Text-to-region grounding data:
* * * * *

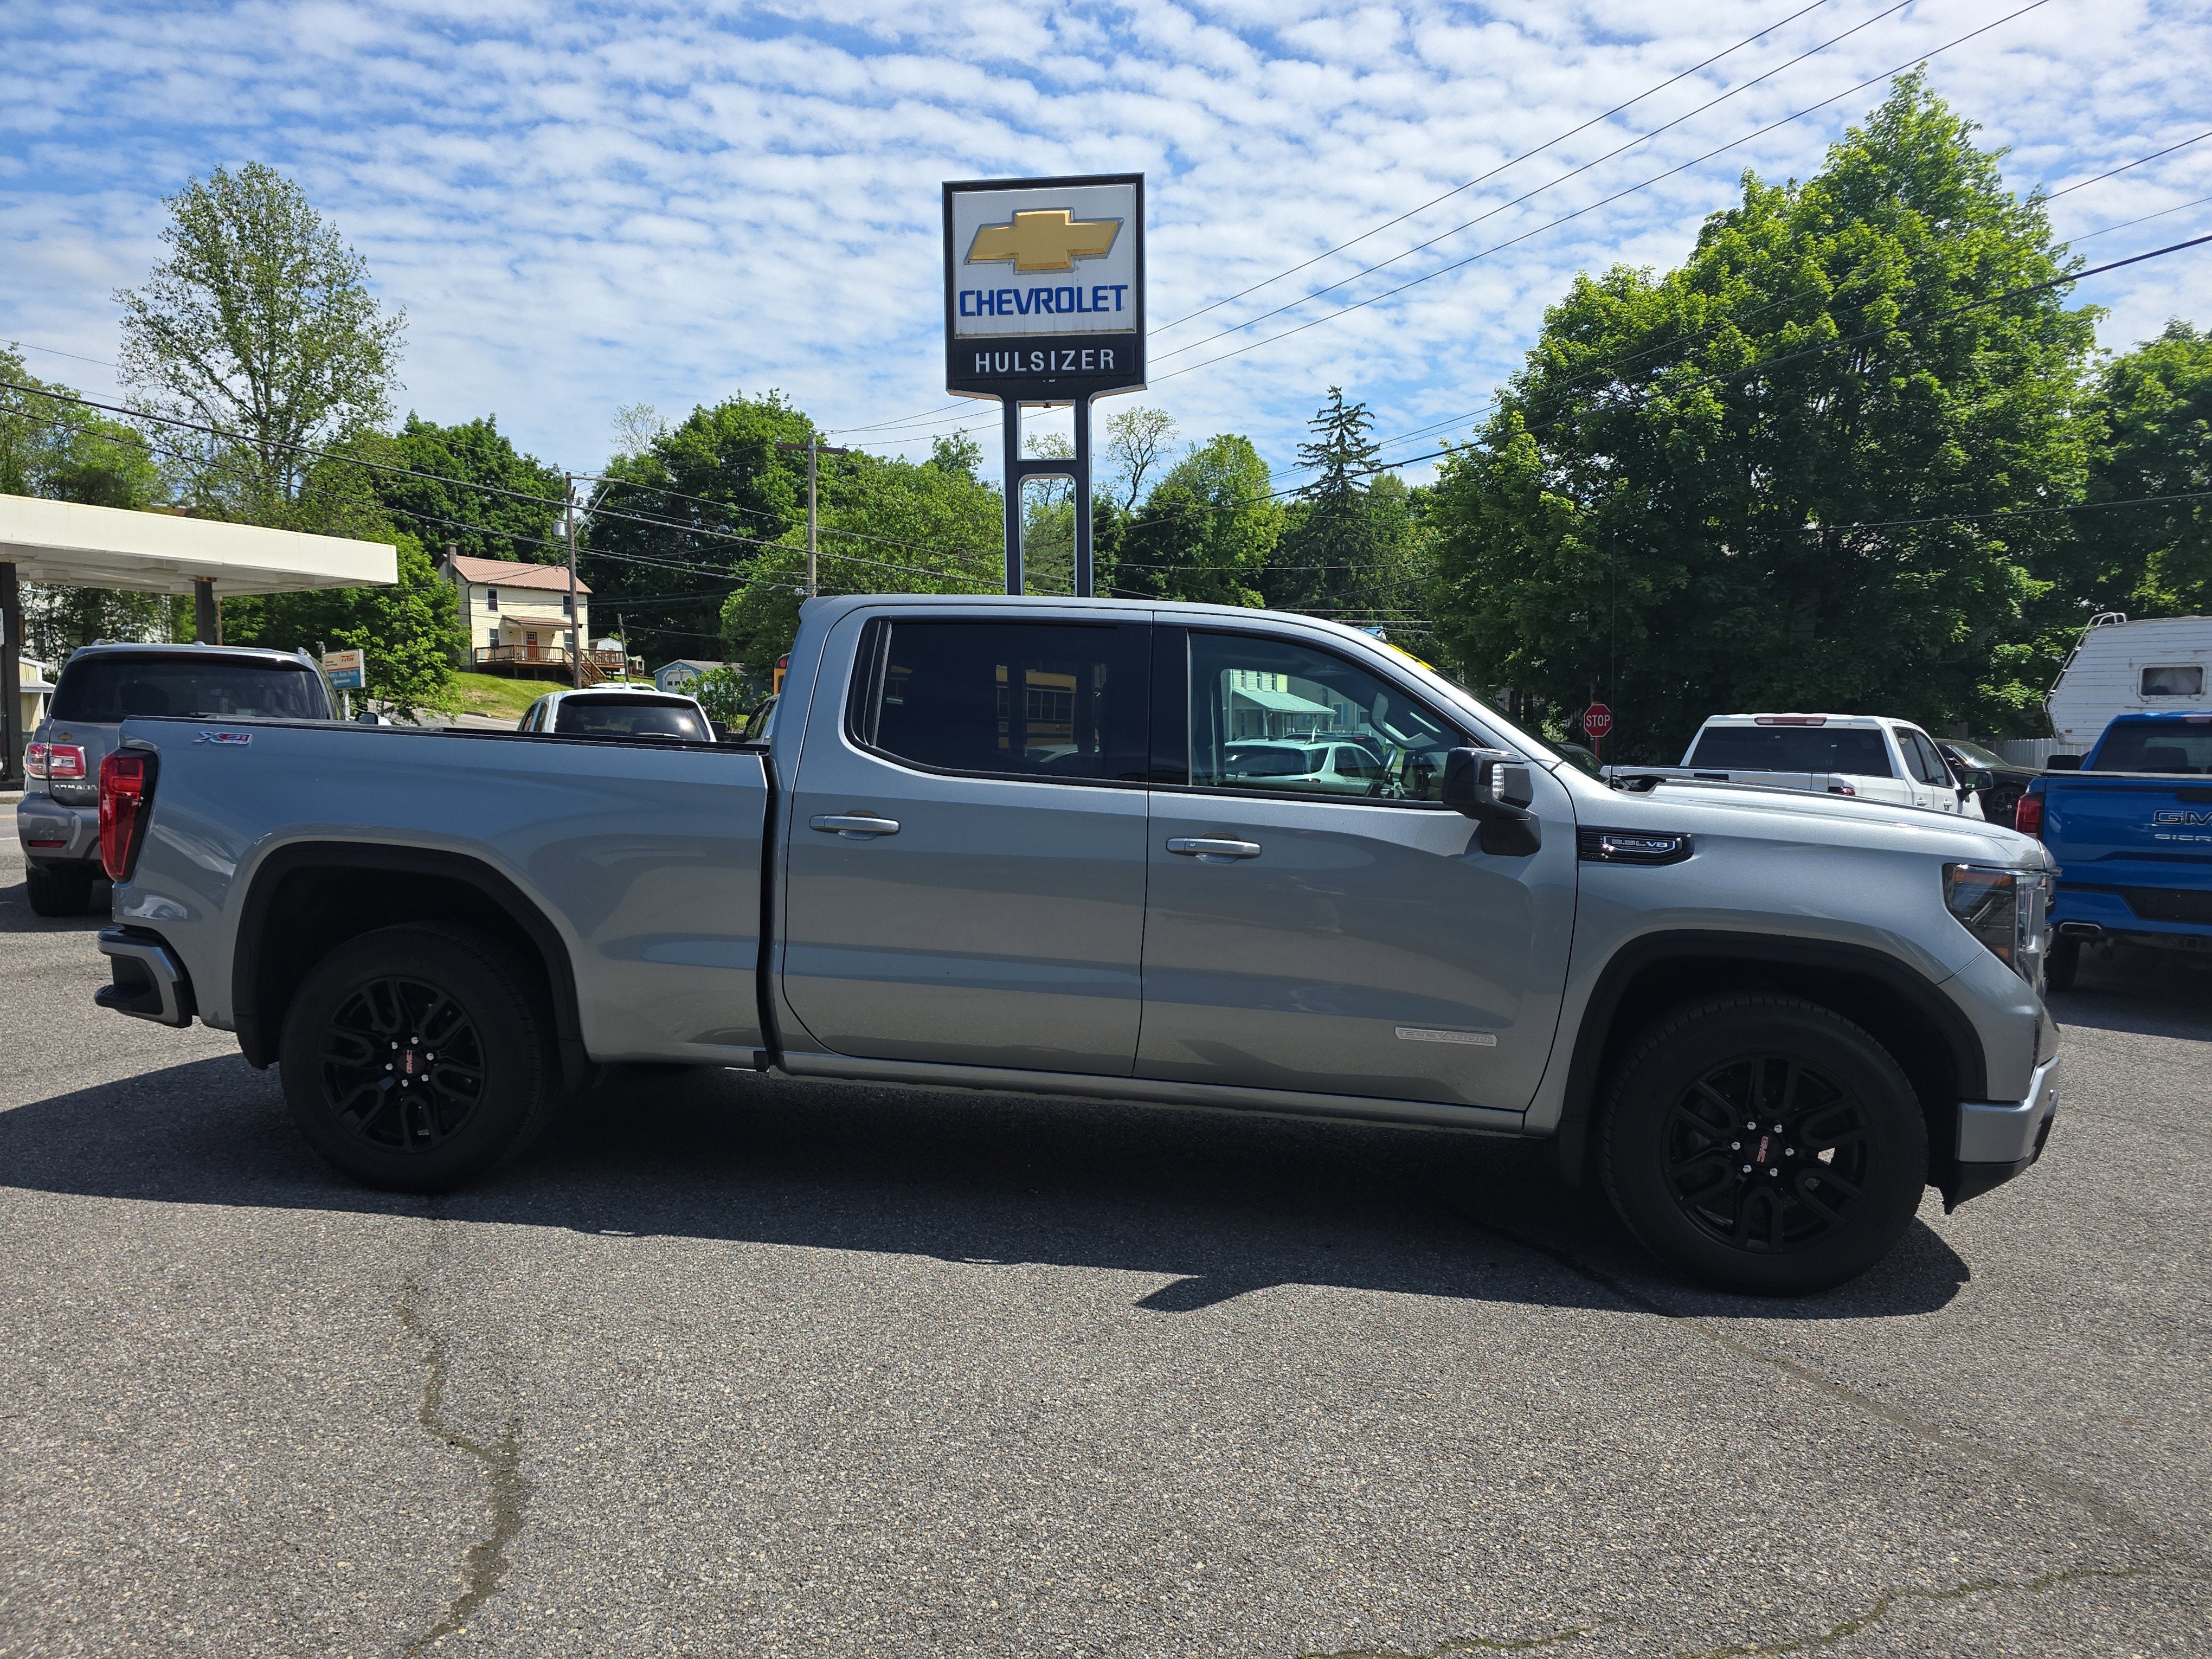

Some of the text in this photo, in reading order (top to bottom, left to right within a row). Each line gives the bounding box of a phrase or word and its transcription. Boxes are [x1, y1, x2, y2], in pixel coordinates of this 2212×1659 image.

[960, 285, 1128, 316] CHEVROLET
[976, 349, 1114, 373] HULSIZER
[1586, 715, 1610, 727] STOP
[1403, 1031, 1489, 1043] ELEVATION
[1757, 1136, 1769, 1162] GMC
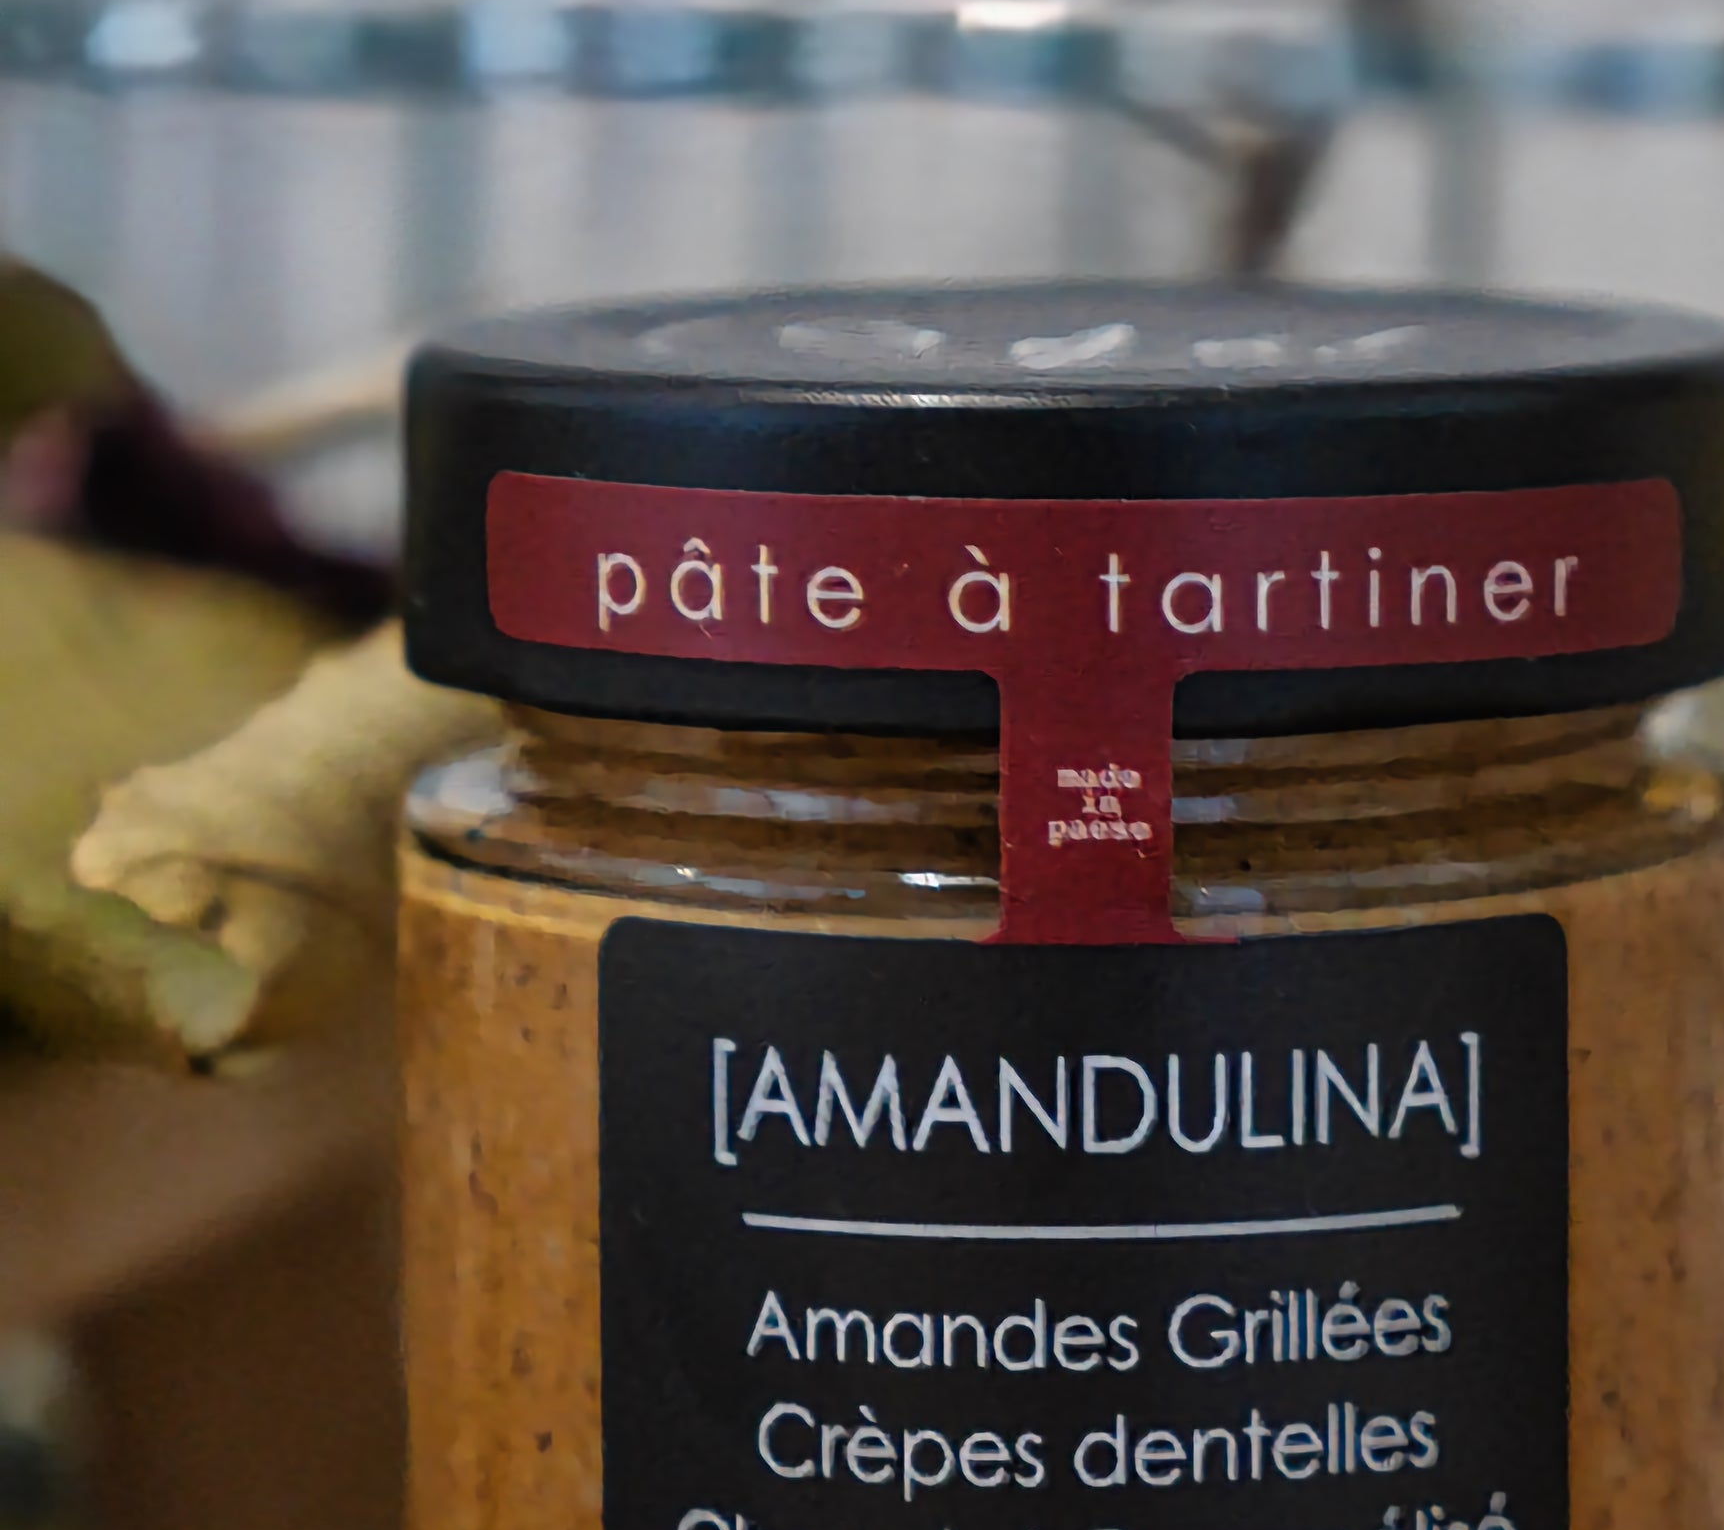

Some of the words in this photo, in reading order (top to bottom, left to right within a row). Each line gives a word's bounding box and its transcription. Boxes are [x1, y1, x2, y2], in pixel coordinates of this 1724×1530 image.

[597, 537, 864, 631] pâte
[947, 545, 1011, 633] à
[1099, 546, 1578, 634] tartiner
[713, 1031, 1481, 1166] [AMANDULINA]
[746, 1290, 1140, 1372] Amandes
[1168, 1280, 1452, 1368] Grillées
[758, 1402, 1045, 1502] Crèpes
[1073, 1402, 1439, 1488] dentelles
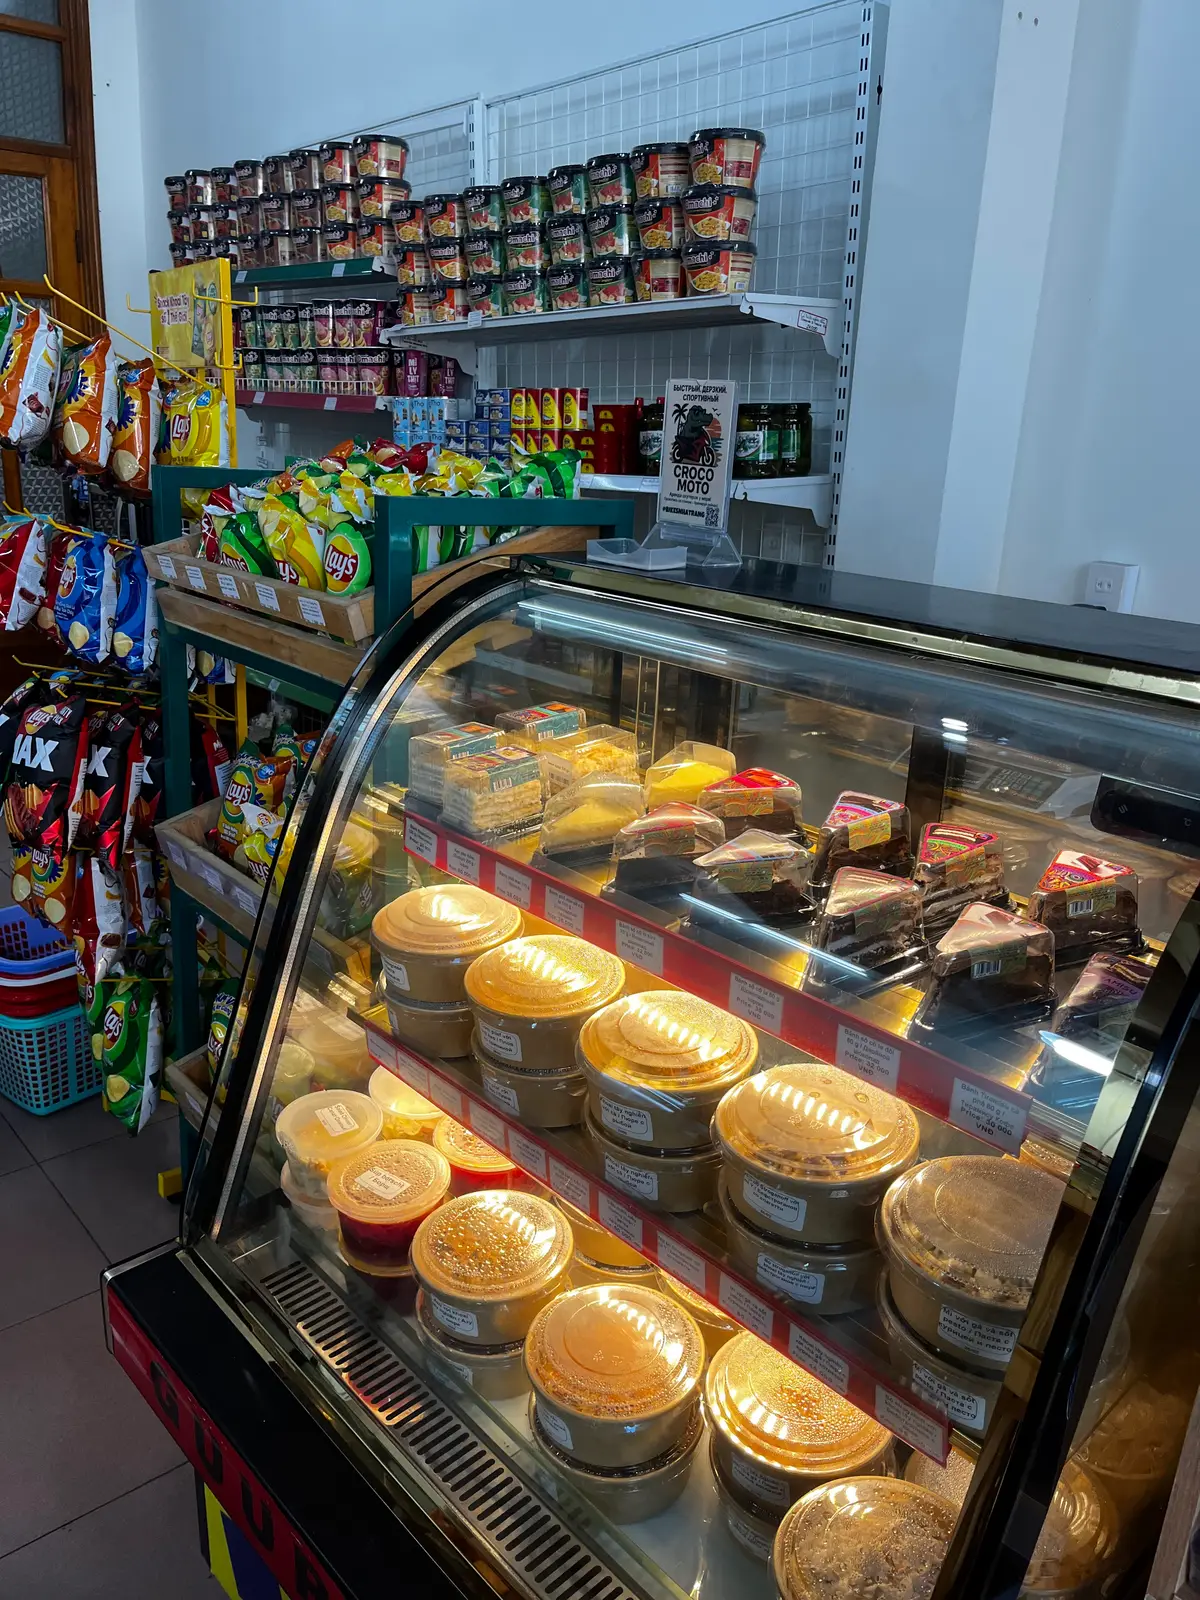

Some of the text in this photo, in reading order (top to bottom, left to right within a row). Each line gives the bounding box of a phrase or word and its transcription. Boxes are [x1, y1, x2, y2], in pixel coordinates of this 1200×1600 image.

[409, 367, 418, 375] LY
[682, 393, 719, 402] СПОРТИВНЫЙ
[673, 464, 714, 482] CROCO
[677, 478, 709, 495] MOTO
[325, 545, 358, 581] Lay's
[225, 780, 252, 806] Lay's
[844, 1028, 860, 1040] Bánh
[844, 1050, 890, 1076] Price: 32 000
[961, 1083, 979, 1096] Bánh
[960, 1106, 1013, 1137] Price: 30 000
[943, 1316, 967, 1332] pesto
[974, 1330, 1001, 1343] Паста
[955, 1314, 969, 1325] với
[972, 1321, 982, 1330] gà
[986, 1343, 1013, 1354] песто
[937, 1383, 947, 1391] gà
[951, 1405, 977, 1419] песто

* * * * *

* Your task: An exact copy of all the entries above is required, with every picture left out.

* Solution to this task:
Some of the text in this photo, in reading order (top to bottom, left to right within a row). Each line gives the bounding box of a phrase or word and its transcription. Boxes are [x1, y1, x2, y2], in pixel coordinates of this 2212×1659 image.

[960, 285, 1128, 316] CHEVROLET
[976, 349, 1114, 373] HULSIZER
[1586, 715, 1610, 727] STOP
[1403, 1031, 1489, 1043] ELEVATION
[1757, 1136, 1769, 1162] GMC

Some of the words in this photo, in reading order (top to bottom, left to right within a row). Each line gives a word's bounding box and its transcription. Boxes are [x1, y1, x2, y2], in pixel coordinates of this 1724×1530 image.

[597, 537, 864, 631] pâte
[947, 545, 1011, 633] à
[1099, 546, 1578, 634] tartiner
[713, 1031, 1481, 1166] [AMANDULINA]
[746, 1290, 1140, 1372] Amandes
[1168, 1280, 1452, 1368] Grillées
[758, 1402, 1045, 1502] Crèpes
[1073, 1402, 1439, 1488] dentelles

Some of the text in this photo, in reading order (top to bottom, left to right within a row). Each line gives the bounding box of a phrase or word and its transcription. Boxes are [x1, y1, x2, y2], in pixel coordinates of this 1200×1600 image.

[409, 367, 418, 375] LY
[682, 393, 719, 402] СПОРТИВНЫЙ
[673, 464, 714, 482] CROCO
[677, 478, 709, 495] MOTO
[325, 545, 358, 581] Lay's
[225, 780, 252, 806] Lay's
[844, 1028, 860, 1040] Bánh
[844, 1050, 890, 1076] Price: 32 000
[961, 1083, 979, 1096] Bánh
[960, 1106, 1013, 1137] Price: 30 000
[943, 1316, 967, 1332] pesto
[974, 1330, 1001, 1343] Паста
[955, 1314, 969, 1325] với
[972, 1321, 982, 1330] gà
[986, 1343, 1013, 1354] песто
[937, 1383, 947, 1391] gà
[951, 1405, 977, 1419] песто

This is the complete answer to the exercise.